ECLI:NL:RBHAA:2010:BN5196

Rechtbank Haarlem

Datum uitspraak
1 februari 2010
Publicatiedatum
5 april 2013
Zaaknummer
15/801661-09, 15/801354-08
Instantie
Rechtbank Haarlem
Type
Uitspraak
Rechtsgebied
Strafrecht
Procedures
  • Eerste aanleg - meervoudig
Vindplaatsen
  • Rechtspraak.nl
AI samenvatting door LexboostAutomatisch gegenereerd

Verwerping beroep op niet-ontvankelijkheid en herroeping voorwaardelijke invrijheidstelling in drugszaken

In deze strafzaak heeft de Rechtbank Haarlem op 1 februari 2010 uitspraak gedaan in de zaak tegen de verdachte, die beschuldigd werd van het opzettelijk binnenbrengen van cocaïne in Nederland op 10 november 2009. De rechtbank heeft vastgesteld dat de dagvaarding geldig was en dat zij bevoegd was om de zaak te behandelen. De raadsman van de verdachte voerde aan dat het openbaar ministerie niet-ontvankelijk verklaard moest worden, omdat de verdachte de eerste vier dagen na zijn aanhouding geen advocaat kon raadplegen. Dit zou volgens de raadsman een onherstelbaar vormverzuim zijn. De rechtbank verwierp dit verweer, oordelend dat de piketcentrale tijdig melding had gedaan en dat de verdachte niet in zijn belangen was geschaad. De verdachte had immers zelf aangegeven een advocaat te willen raadplegen voordat hij werd verhoord.
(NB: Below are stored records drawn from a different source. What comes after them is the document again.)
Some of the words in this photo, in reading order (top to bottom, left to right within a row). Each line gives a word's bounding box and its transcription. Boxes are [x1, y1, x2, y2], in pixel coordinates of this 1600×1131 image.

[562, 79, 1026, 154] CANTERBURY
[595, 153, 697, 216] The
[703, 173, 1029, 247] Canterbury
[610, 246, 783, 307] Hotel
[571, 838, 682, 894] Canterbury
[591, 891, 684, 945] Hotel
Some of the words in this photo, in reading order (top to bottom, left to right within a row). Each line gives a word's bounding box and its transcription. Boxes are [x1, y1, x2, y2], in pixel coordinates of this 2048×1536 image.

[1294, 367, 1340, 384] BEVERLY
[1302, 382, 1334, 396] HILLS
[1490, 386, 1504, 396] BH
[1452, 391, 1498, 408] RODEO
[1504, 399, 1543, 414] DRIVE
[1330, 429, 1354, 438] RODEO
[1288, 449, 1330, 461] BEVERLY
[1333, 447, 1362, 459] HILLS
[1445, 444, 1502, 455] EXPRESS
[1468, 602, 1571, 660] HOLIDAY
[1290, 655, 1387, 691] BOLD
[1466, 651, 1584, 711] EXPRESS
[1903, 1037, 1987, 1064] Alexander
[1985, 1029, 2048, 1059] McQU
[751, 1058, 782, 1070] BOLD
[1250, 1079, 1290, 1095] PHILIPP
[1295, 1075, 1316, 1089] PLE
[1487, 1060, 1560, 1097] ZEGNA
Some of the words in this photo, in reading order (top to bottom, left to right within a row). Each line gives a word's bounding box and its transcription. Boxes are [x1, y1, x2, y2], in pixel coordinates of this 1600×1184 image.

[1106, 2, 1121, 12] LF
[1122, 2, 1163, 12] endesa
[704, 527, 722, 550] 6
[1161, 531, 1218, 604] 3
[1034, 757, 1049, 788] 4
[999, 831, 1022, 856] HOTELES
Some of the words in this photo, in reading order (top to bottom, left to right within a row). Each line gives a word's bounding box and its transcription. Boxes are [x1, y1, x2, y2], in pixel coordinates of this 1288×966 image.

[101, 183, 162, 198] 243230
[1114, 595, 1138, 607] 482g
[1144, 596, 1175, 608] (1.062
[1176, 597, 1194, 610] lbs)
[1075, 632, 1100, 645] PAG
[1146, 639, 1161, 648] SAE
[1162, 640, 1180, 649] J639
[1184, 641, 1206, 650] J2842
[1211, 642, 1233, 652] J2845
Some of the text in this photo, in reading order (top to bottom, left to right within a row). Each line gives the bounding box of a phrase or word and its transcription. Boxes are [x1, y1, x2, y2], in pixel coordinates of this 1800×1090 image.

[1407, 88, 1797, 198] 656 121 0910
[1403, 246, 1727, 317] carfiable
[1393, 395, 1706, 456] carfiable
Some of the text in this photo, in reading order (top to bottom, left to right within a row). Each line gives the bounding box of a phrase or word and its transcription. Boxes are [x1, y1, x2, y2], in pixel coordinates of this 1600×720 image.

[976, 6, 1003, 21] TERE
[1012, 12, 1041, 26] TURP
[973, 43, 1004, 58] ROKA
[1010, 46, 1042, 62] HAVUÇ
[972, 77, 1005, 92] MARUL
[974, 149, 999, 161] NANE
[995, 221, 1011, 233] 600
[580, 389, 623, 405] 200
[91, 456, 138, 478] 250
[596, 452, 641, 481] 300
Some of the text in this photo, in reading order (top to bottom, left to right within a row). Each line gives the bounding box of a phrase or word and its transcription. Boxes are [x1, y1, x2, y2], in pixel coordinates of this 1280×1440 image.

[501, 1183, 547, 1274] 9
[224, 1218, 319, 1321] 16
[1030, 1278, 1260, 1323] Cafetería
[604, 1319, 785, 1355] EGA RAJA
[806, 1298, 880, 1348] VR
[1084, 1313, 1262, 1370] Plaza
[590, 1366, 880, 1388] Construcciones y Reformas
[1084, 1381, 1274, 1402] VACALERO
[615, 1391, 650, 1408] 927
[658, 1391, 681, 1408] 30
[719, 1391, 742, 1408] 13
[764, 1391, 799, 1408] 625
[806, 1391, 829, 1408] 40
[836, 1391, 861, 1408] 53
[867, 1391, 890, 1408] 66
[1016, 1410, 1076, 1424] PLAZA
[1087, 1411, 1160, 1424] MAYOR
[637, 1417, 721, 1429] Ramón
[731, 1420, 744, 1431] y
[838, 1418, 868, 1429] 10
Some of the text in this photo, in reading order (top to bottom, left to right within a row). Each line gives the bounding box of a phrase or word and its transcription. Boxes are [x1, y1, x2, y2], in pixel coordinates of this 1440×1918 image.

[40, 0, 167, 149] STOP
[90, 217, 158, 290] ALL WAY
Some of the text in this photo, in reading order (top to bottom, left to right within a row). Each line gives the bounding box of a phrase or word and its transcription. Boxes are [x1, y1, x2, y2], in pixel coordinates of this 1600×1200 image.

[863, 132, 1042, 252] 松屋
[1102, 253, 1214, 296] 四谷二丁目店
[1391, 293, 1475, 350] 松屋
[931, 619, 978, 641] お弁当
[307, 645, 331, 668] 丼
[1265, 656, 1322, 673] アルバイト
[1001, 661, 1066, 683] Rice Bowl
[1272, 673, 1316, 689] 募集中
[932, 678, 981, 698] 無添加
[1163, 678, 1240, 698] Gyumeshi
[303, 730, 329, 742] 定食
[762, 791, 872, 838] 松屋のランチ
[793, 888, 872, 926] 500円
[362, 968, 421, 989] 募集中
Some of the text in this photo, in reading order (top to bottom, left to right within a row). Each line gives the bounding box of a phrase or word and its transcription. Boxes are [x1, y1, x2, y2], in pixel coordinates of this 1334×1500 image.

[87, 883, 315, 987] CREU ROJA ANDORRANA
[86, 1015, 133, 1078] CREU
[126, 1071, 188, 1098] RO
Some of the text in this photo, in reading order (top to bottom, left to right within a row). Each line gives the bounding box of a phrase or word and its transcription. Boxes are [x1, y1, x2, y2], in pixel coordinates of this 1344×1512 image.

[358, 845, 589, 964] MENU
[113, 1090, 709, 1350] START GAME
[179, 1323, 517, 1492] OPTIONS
De officier van justitie vorderde bewezenverklaring van het ten laste gelegde feit en een gevangenisstraf van 22 maanden, met verbeurdverklaring van in beslag genomen voorwerpen en herroeping van de voorwaardelijke invrijheidstelling. De rechtbank achtte het ten laste gelegde feit wettig en overtuigend bewezen, namelijk het opzettelijk handelen in strijd met de Opiumwet. De rechtbank overwoog dat de ingevoerde hoeveelheid cocaïne schadelijk is voor de gezondheid en dat de verdachte zich schuldig had gemaakt aan een ernstig strafbaar feit.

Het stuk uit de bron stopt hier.